■ **WHAT THE TASK ASKS**
Could you write out the listing below exactly as it stands, leaving out the pictures?

■ **DATA FOR ANALYSIS**
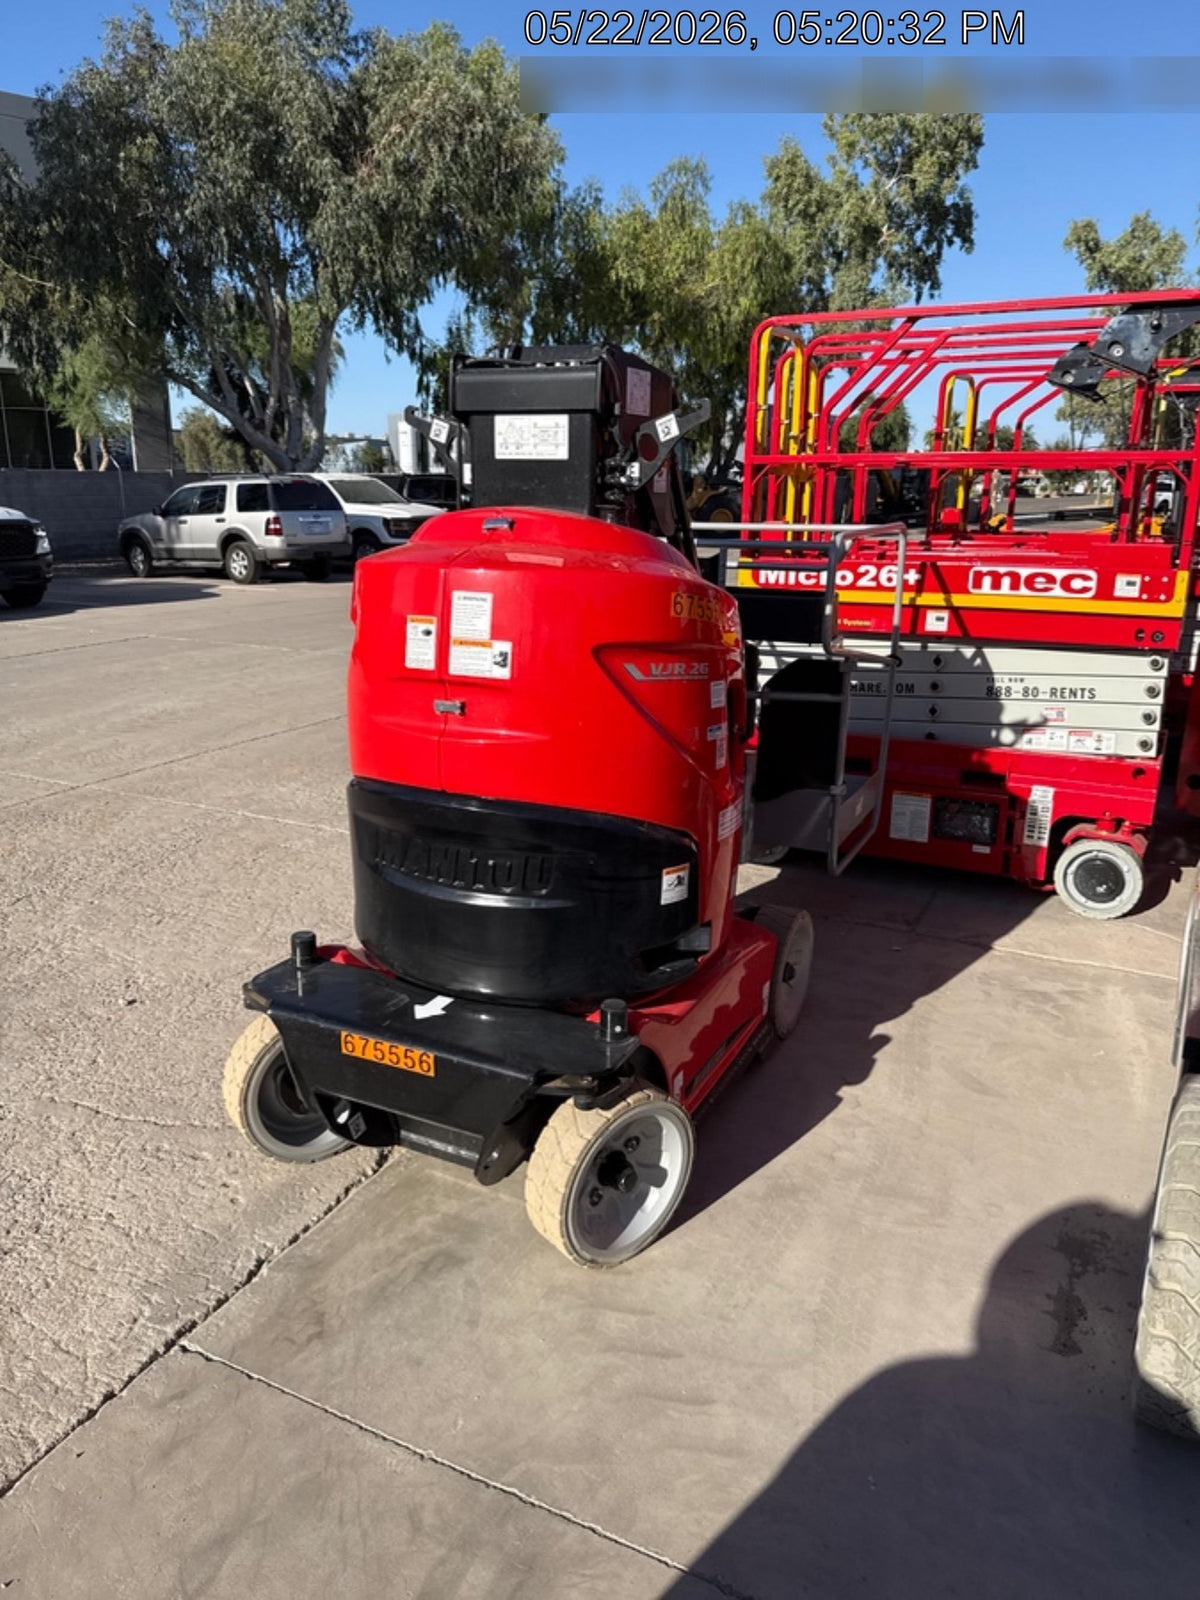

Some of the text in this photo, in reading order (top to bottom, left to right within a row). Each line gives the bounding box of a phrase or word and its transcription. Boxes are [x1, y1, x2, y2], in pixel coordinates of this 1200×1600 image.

[971, 570, 1094, 594] mec
[649, 662, 709, 676] VJR 26
[986, 685, 1097, 700] 888-80-RENTS
[343, 1033, 433, 1074] 675556
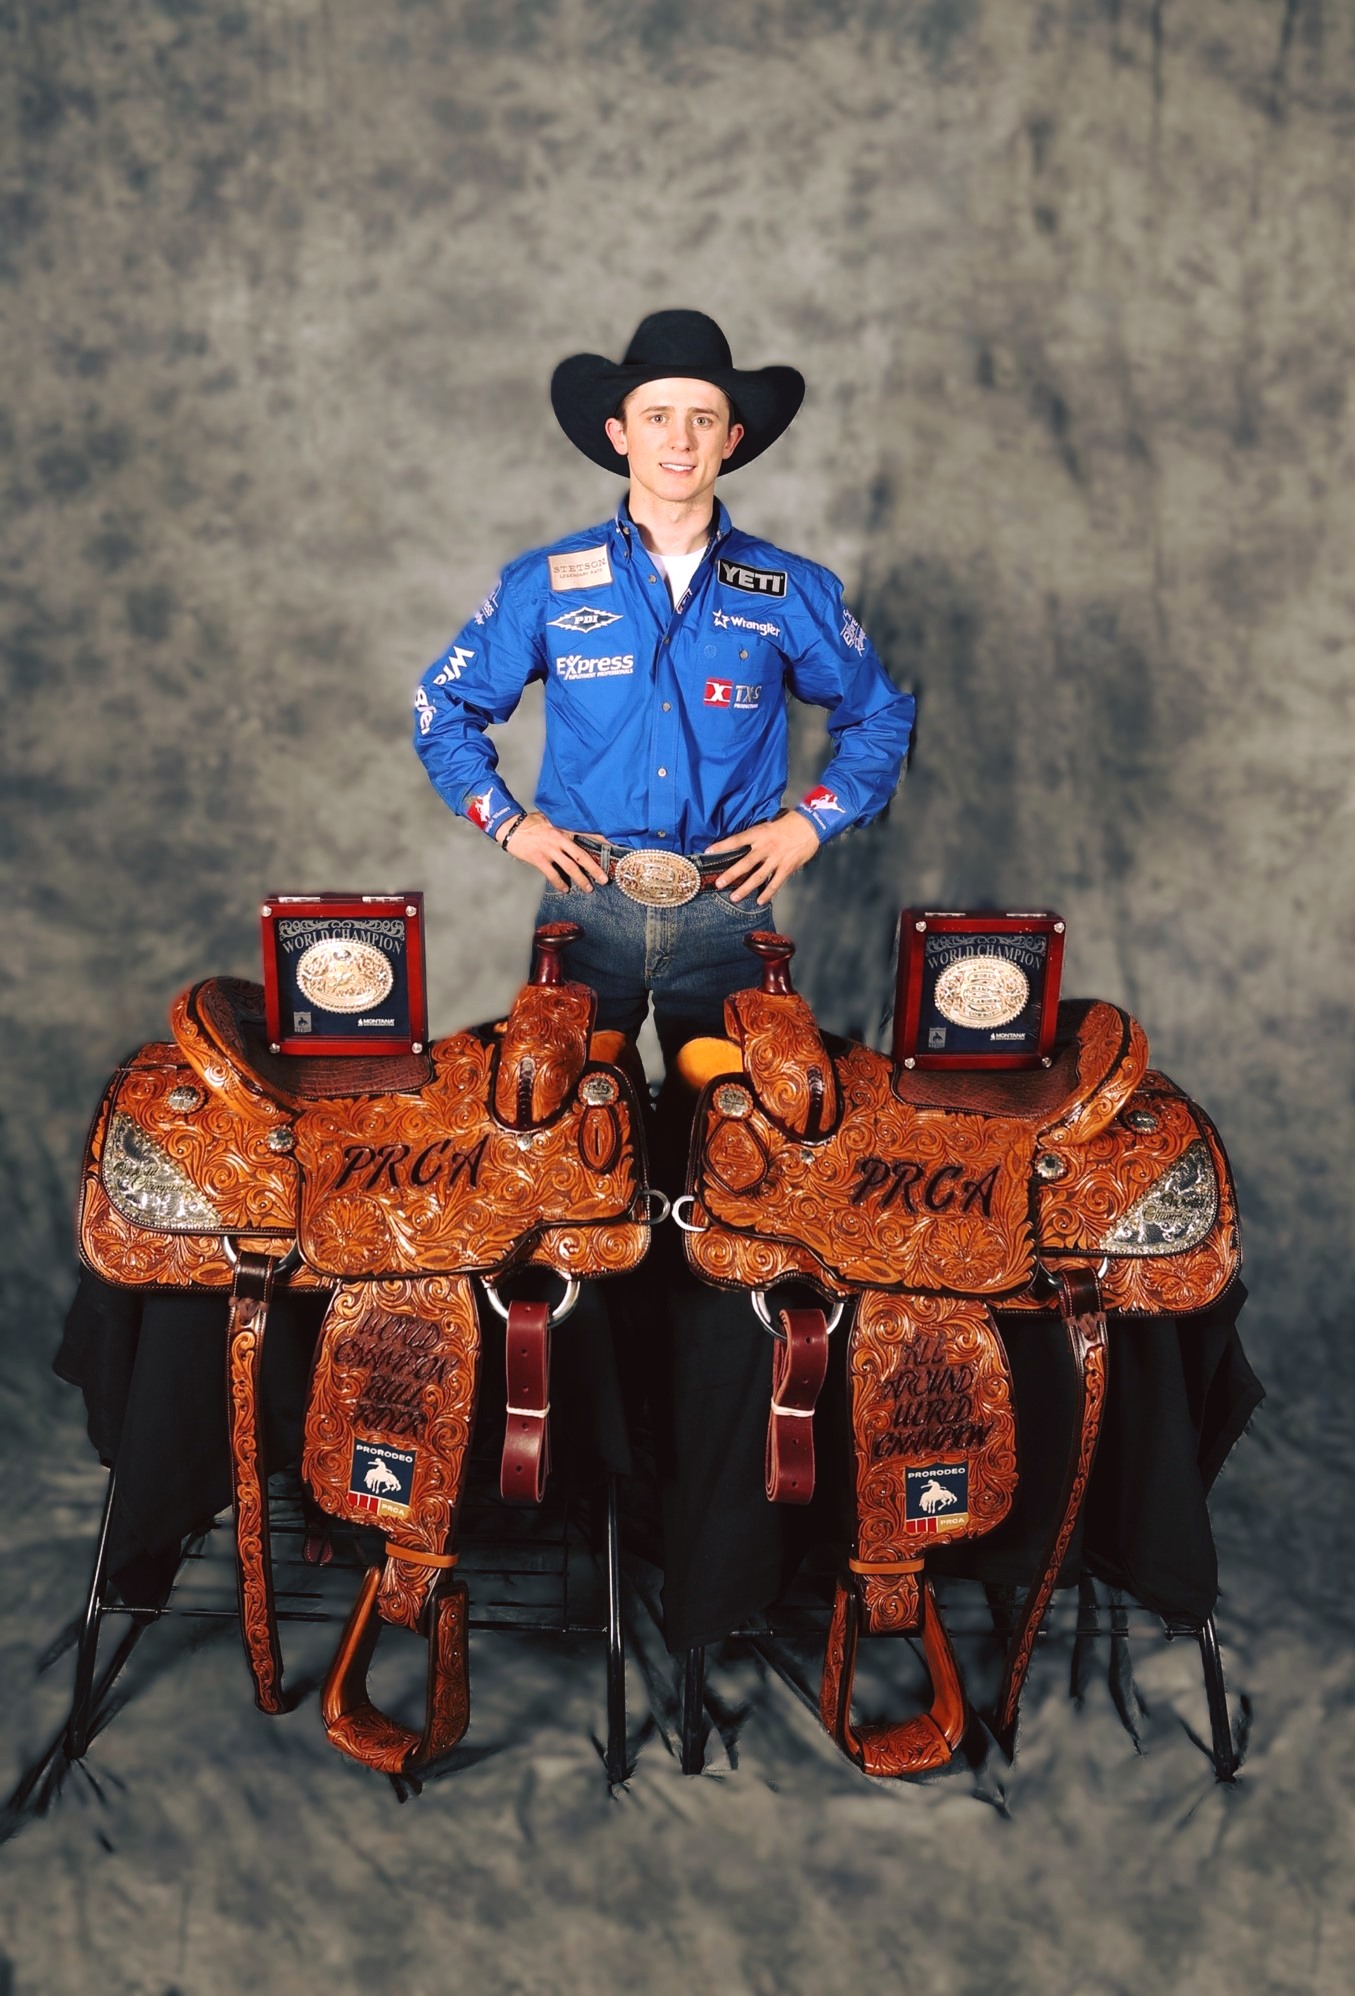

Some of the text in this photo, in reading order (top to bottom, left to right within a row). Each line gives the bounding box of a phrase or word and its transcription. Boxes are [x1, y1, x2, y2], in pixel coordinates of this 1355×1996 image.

■ **TASK ANSWER**
Some of the text in this photo, in reading order (top to bottom, left to right within a row). Each line gives the bounding box of a phrase or word and its transcription. Boxes are [x1, y1, x2, y2], in pixel coordinates of this 1200×1600 image.

[971, 570, 1094, 594] mec
[649, 662, 709, 676] VJR 26
[986, 685, 1097, 700] 888-80-RENTS
[343, 1033, 433, 1074] 675556

Some of the text in this photo, in reading order (top to bottom, left to right within a row). Each line gives the bounding box of a phrase or word and its transcription. Boxes are [x1, y1, x2, y2], in pixel coordinates of this 1355×1996 image.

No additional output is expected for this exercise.